■ **YOUR ASSIGNMENT**
Each record should be given again exactly, and any picture in it left out.

Free-text object descriptions
◇ ◇ ◇ ◇ ◇ ◇ ◇
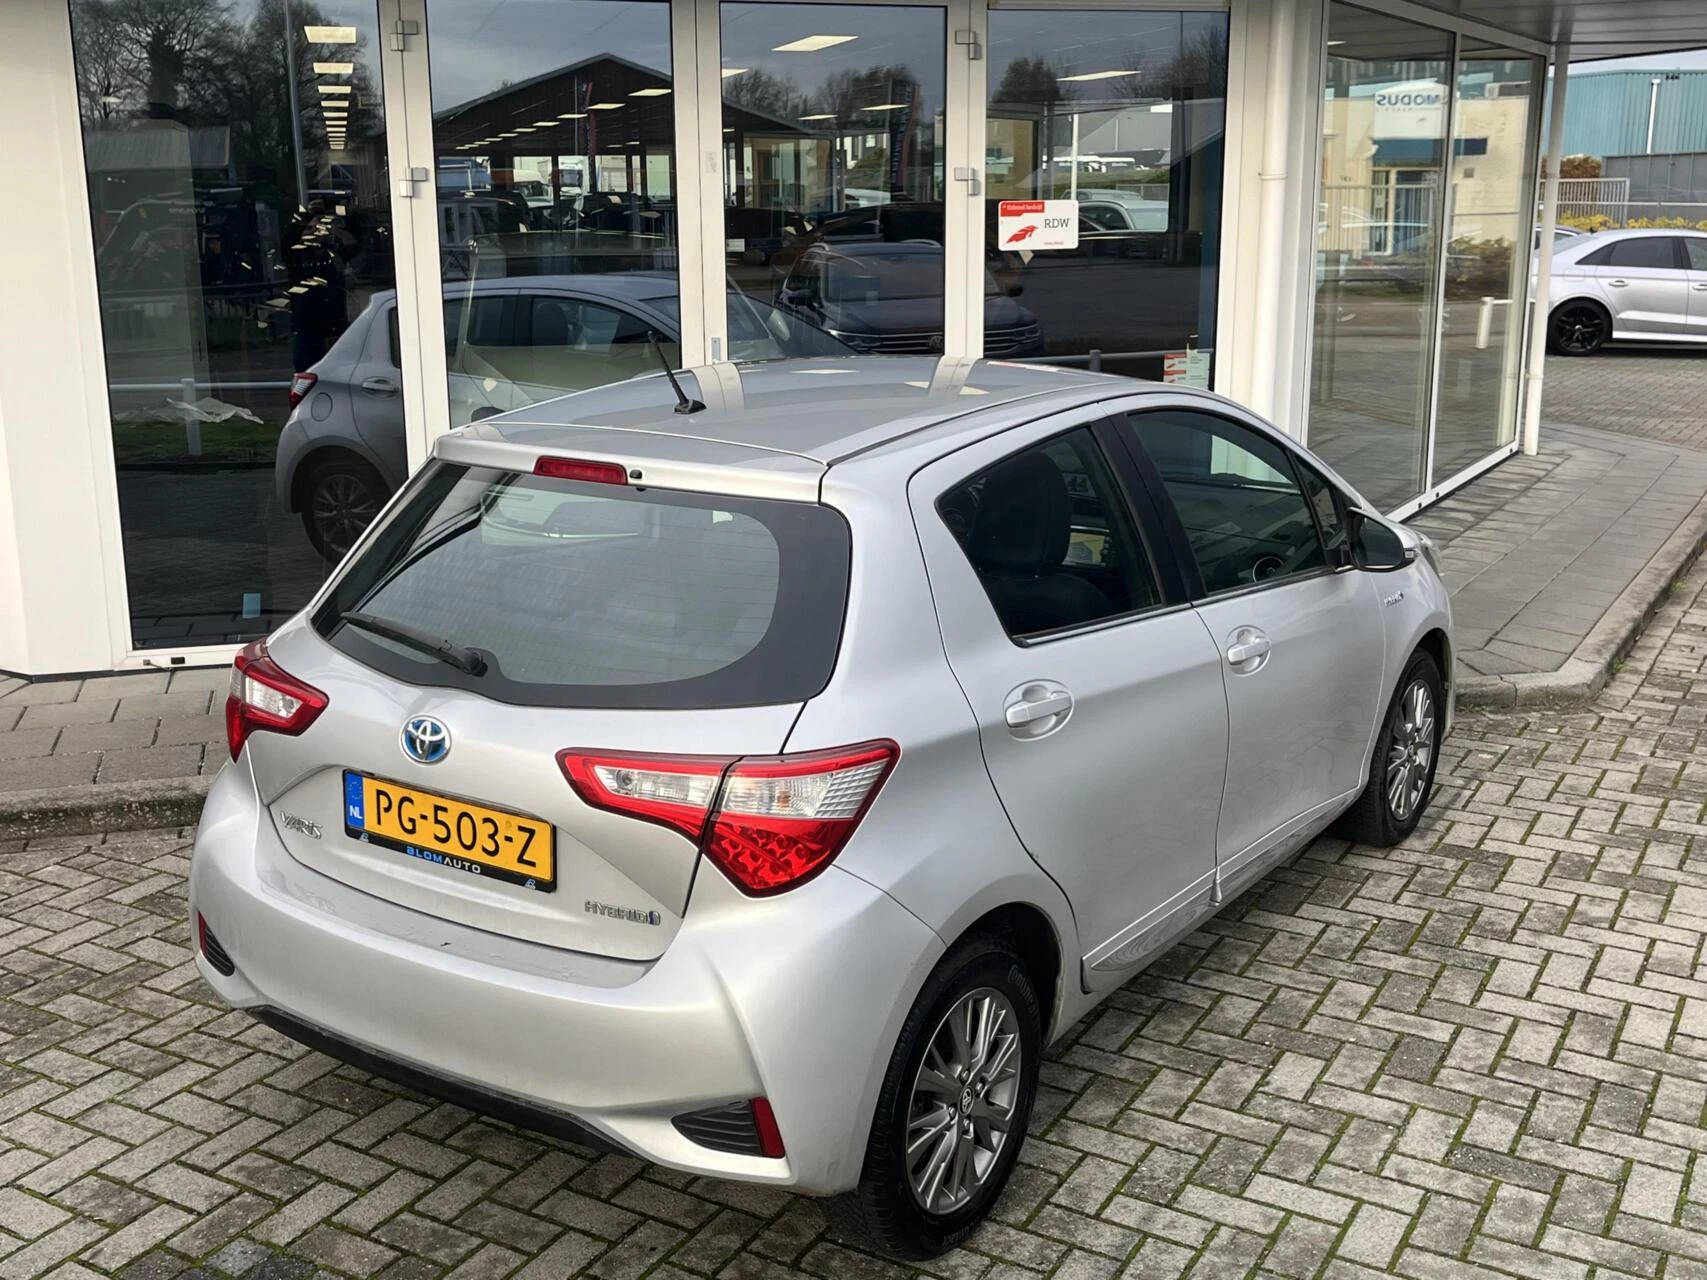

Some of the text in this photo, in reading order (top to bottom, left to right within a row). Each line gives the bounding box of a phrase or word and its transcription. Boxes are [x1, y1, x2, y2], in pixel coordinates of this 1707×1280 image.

[1043, 218, 1070, 229] RDW
[349, 805, 363, 819] NL
[375, 788, 537, 868] PG-503-Z
[406, 846, 482, 874] BLOMAUTO
[584, 900, 648, 924] HYBRID
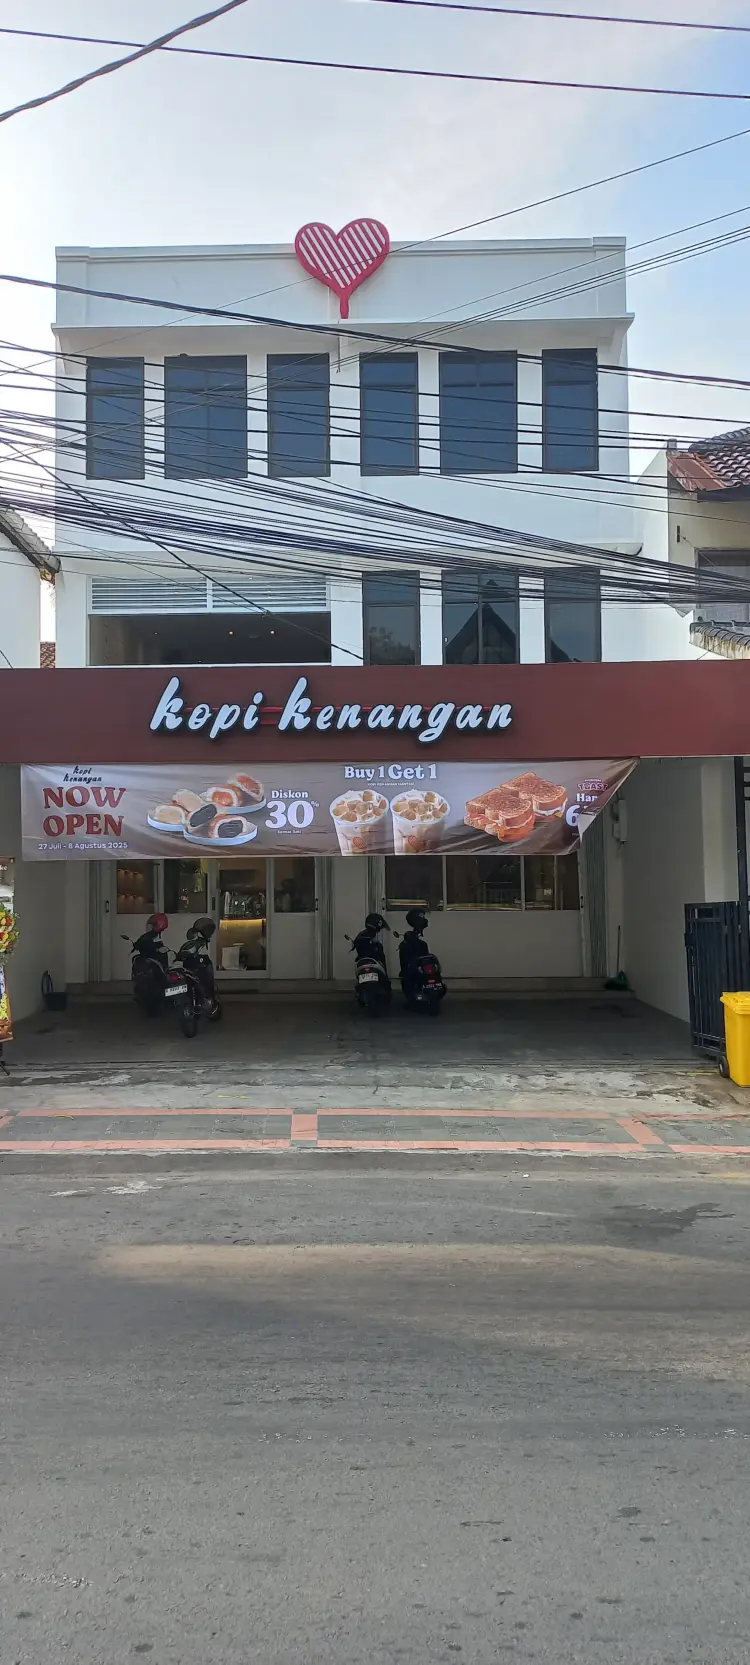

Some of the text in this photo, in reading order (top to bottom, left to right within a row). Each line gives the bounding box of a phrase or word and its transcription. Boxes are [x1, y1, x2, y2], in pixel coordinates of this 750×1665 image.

[149, 676, 512, 742] kopi kenangan
[73, 765, 92, 776] kopi
[344, 763, 437, 781] Buy 1 Get 1
[63, 773, 102, 784] kenangan
[43, 786, 127, 809] NOW
[271, 789, 309, 799] Diskon
[43, 814, 125, 837] OPEN
[74, 843, 107, 851] Agustus
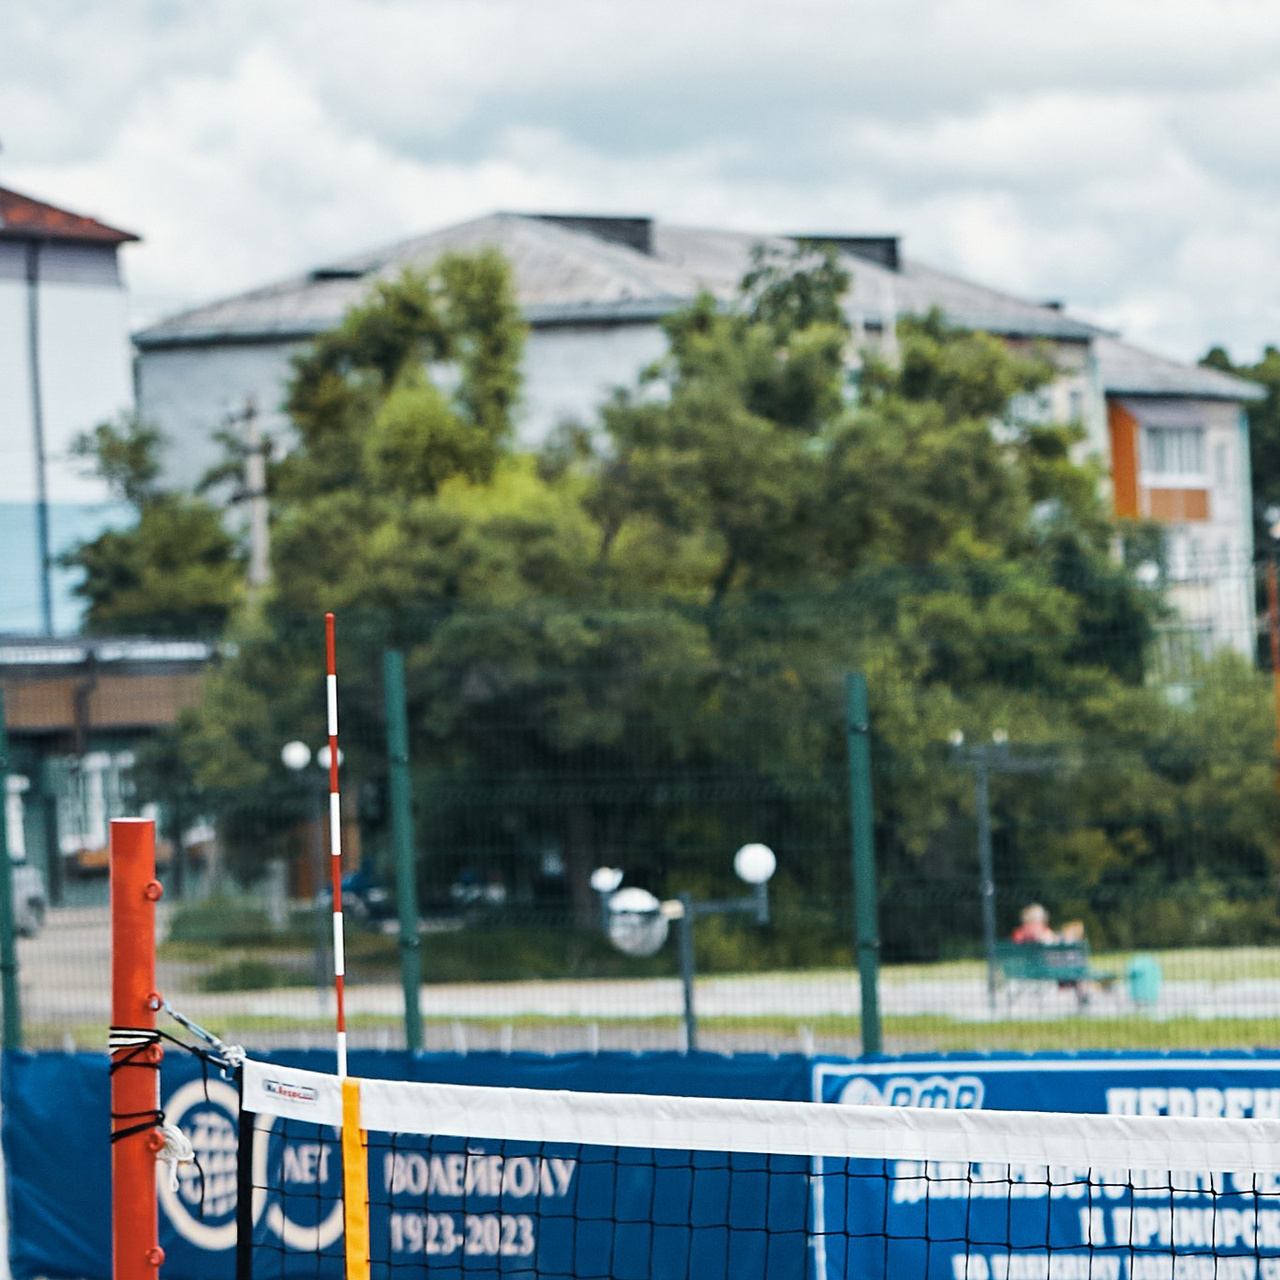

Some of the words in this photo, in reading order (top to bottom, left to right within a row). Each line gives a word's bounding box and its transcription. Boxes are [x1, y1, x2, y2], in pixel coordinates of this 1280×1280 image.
◇ ◇ ◇ ◇ ◇ ◇ ◇
■ **ANSWER TO THE EXERCISE**
Some of the text in this photo, in reading order (top to bottom, left to right within a row). Each line gives the bounding box of a phrase or word and its transcription. Boxes are [x1, y1, x2, y2], in pixel coordinates of this 1707×1280 image.

[1043, 218, 1070, 229] RDW
[349, 805, 363, 819] NL
[375, 788, 537, 868] PG-503-Z
[406, 846, 482, 874] BLOMAUTO
[584, 900, 648, 924] HYBRID

Some of the text in this photo, in reading order (top to bottom, left to right within a row). Each line gives the bounding box of a phrase or word and its transcription. Boxes are [x1, y1, x2, y2], in pixel coordinates of this 750×1665 image.

[149, 676, 512, 742] kopi kenangan
[73, 765, 92, 776] kopi
[344, 763, 437, 781] Buy 1 Get 1
[63, 773, 102, 784] kenangan
[43, 786, 127, 809] NOW
[271, 789, 309, 799] Diskon
[43, 814, 125, 837] OPEN
[74, 843, 107, 851] Agustus

Some of the words in this photo, in reading order (top to bottom, left to right within a row). Each line gives a word's bounding box and its transcription. Boxes are [x1, y1, x2, y2], in pixel coordinates of this 1280×1280 image.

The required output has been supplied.